Your task:
Leave out the pictures and repeat every record exactly.

+ + + +

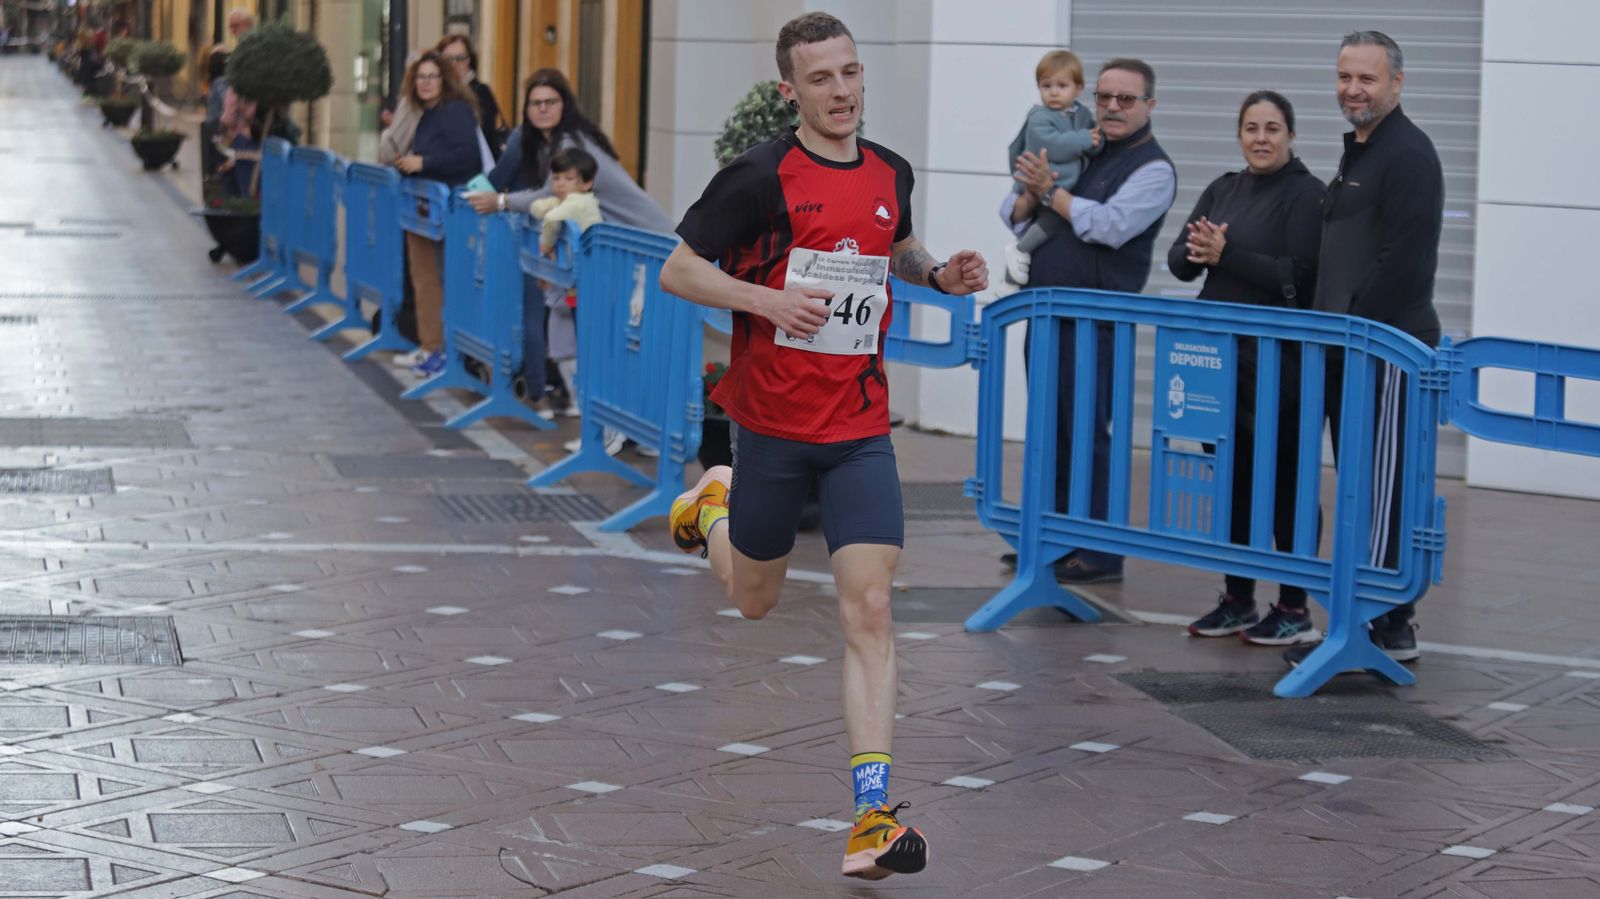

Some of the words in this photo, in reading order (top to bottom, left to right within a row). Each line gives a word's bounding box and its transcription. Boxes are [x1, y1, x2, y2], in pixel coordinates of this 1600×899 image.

[795, 200, 823, 213] vive
[1170, 352, 1222, 370] DEPORTES
[856, 763, 886, 781] MAKE
[861, 774, 882, 790] LOVE

+ + + +

Response:
Some of the words in this photo, in reading order (top to bottom, left to right within a row). Each line gives a word's bounding box and its transcription. Boxes are [x1, y1, x2, y2], in pixel coordinates of this 1600×899 image.

[795, 200, 823, 213] vive
[1170, 352, 1222, 370] DEPORTES
[856, 763, 886, 781] MAKE
[861, 774, 882, 790] LOVE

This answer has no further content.